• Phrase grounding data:
Content starts
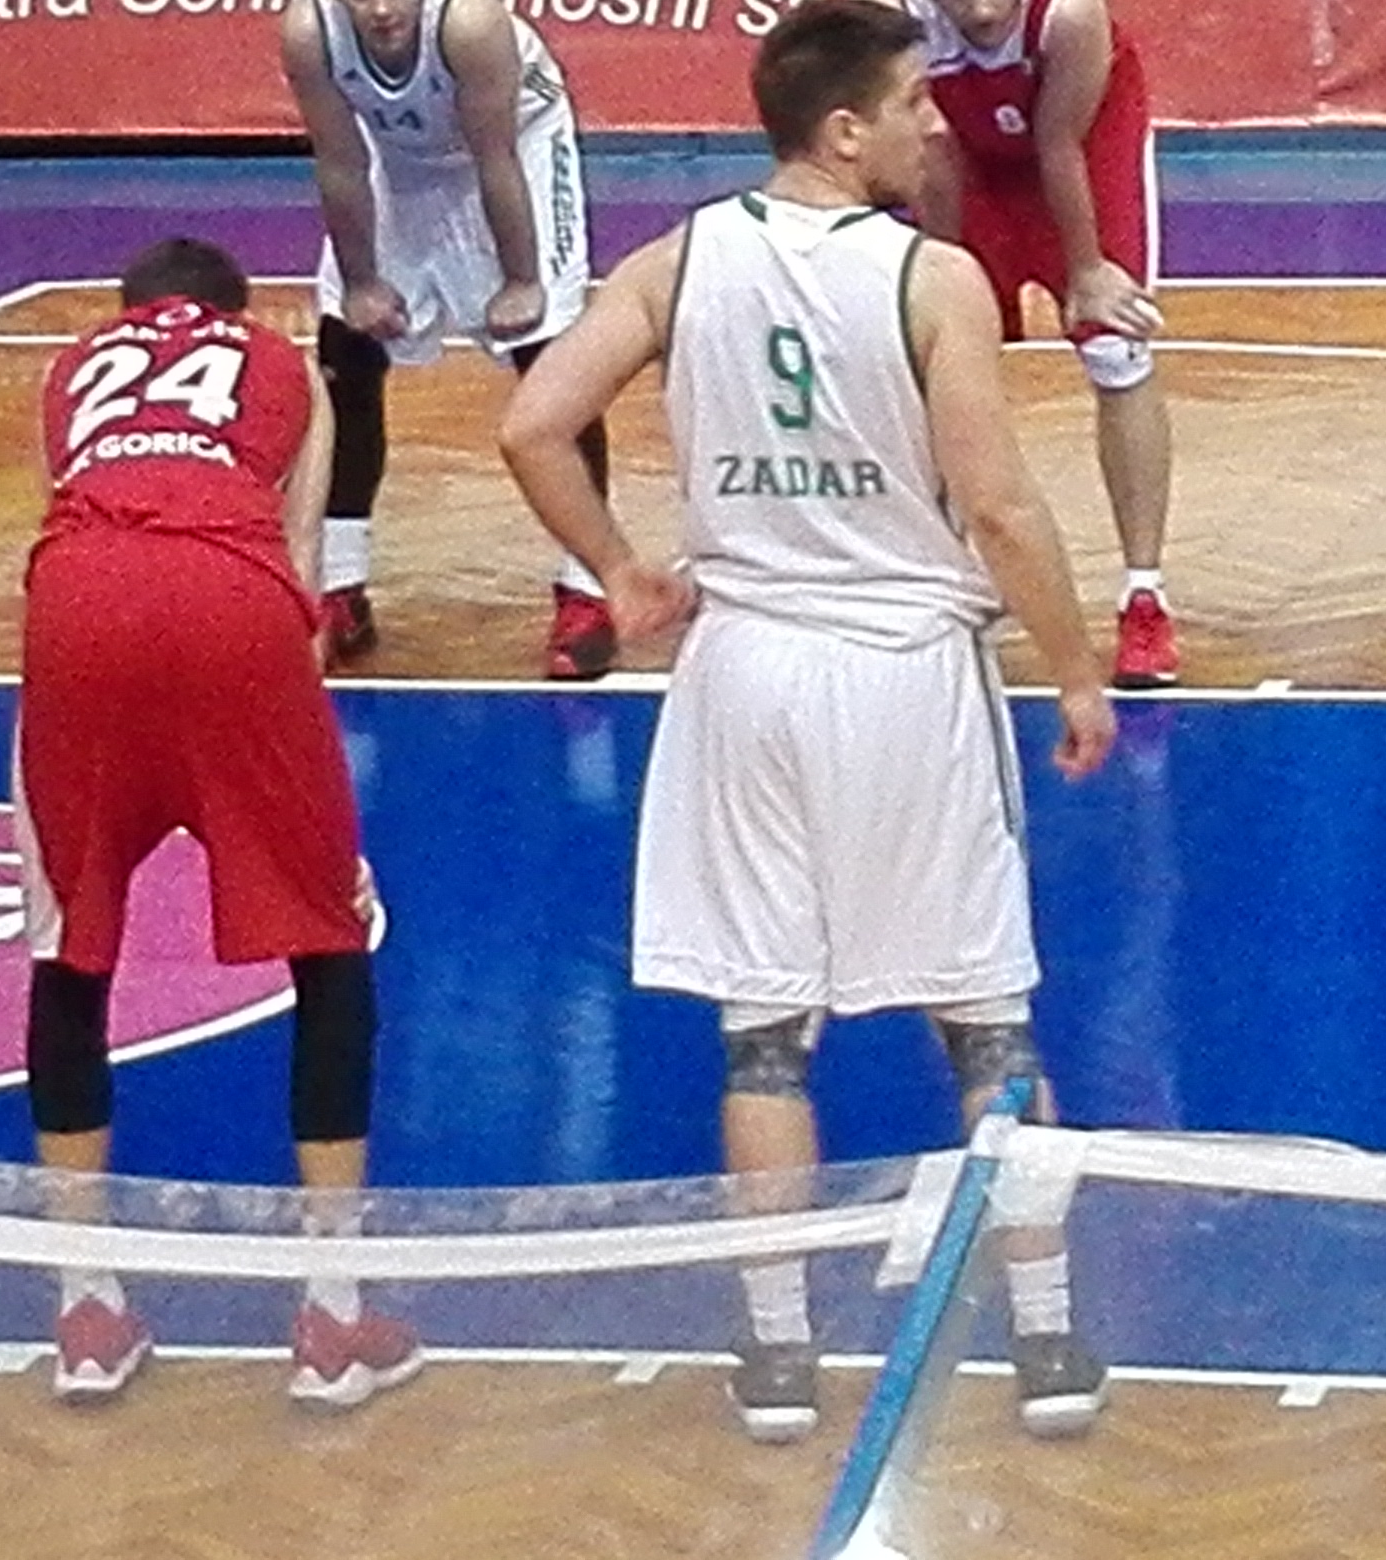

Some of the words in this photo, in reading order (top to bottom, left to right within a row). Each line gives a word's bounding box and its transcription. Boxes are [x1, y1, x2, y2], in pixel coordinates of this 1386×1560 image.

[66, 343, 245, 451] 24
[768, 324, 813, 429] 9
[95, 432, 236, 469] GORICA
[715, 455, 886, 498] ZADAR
Content ends
• What needs to be done:
When you retype the records, keep every word exactly as written and exclude the pictures.

• Solution for this exercise:
Some of the words in this photo, in reading order (top to bottom, left to right within a row). Each line gives a word's bounding box and its transcription. Boxes are [x1, y1, x2, y2], in pixel coordinates of this 1386×1560 image.

[66, 343, 245, 451] 24
[768, 324, 813, 429] 9
[95, 432, 236, 469] GORICA
[715, 455, 886, 498] ZADAR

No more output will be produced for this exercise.